§ **To do**: Omitting all images, transcribe the entries word for word.

§ **Data records**:
---+---

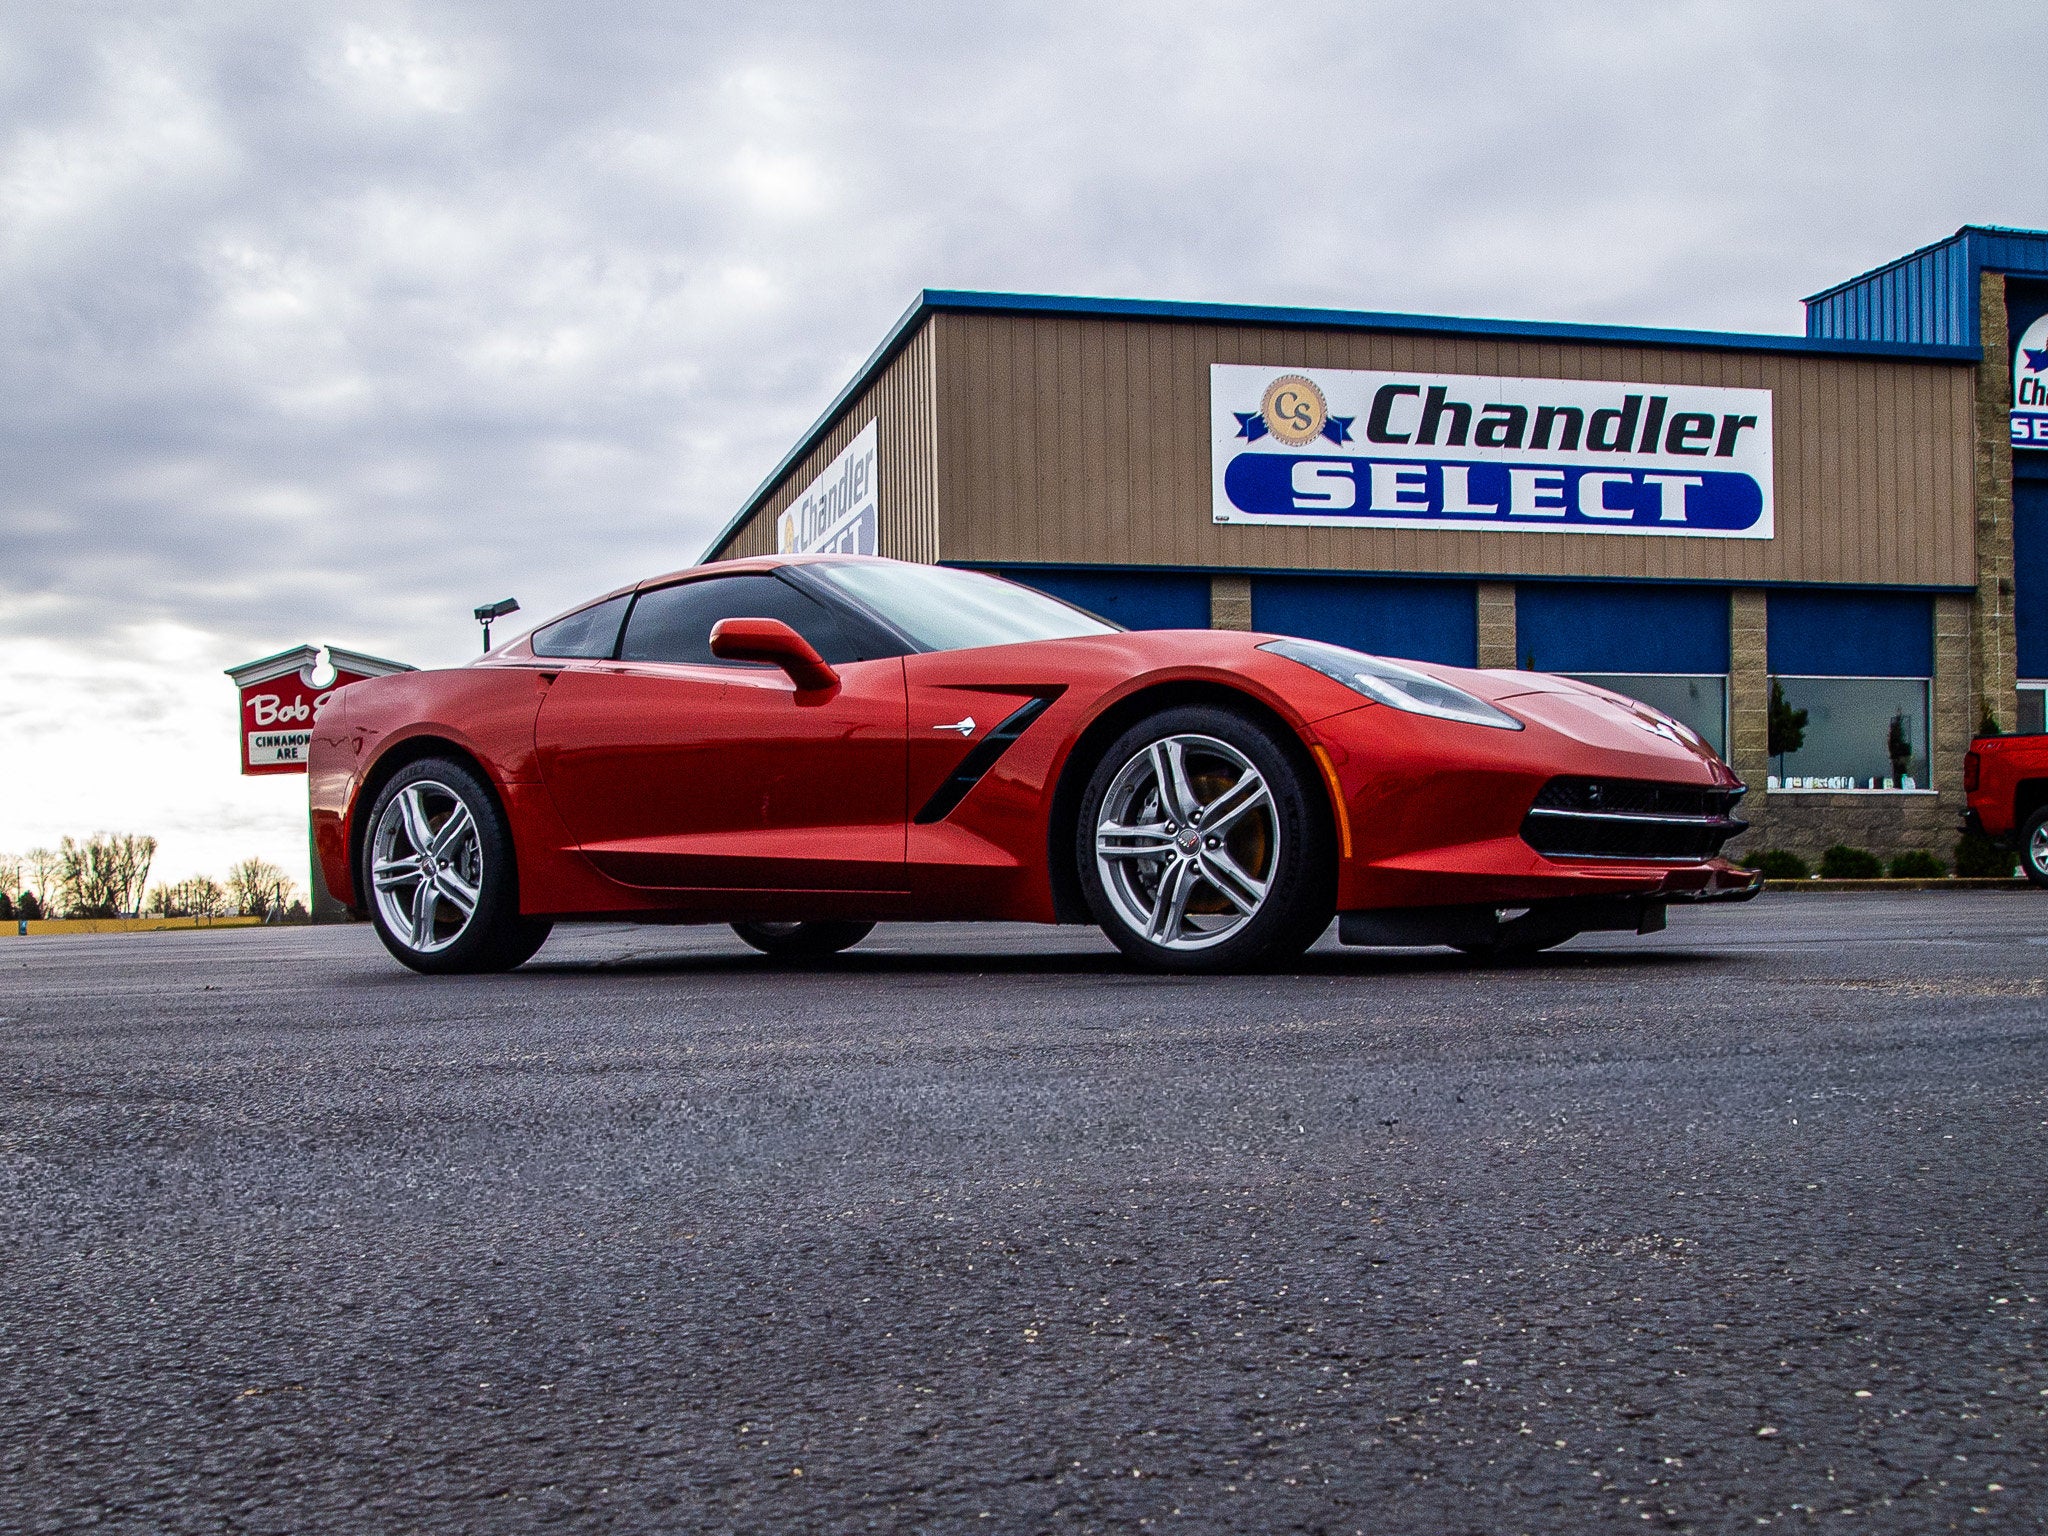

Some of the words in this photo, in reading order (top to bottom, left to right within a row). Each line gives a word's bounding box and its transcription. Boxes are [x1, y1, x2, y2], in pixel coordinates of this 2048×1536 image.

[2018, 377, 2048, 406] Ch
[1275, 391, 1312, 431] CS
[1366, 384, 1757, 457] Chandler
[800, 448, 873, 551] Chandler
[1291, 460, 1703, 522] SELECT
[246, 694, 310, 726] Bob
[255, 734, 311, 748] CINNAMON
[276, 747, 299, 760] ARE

---+---

§ **Task result**:
Some of the words in this photo, in reading order (top to bottom, left to right within a row). Each line gives a word's bounding box and its transcription. Boxes are [x1, y1, x2, y2], in pixel coordinates of this 2048×1536 image.

[2018, 377, 2048, 406] Ch
[1275, 391, 1312, 431] CS
[1366, 384, 1757, 457] Chandler
[800, 448, 873, 551] Chandler
[1291, 460, 1703, 522] SELECT
[246, 694, 310, 726] Bob
[255, 734, 311, 748] CINNAMON
[276, 747, 299, 760] ARE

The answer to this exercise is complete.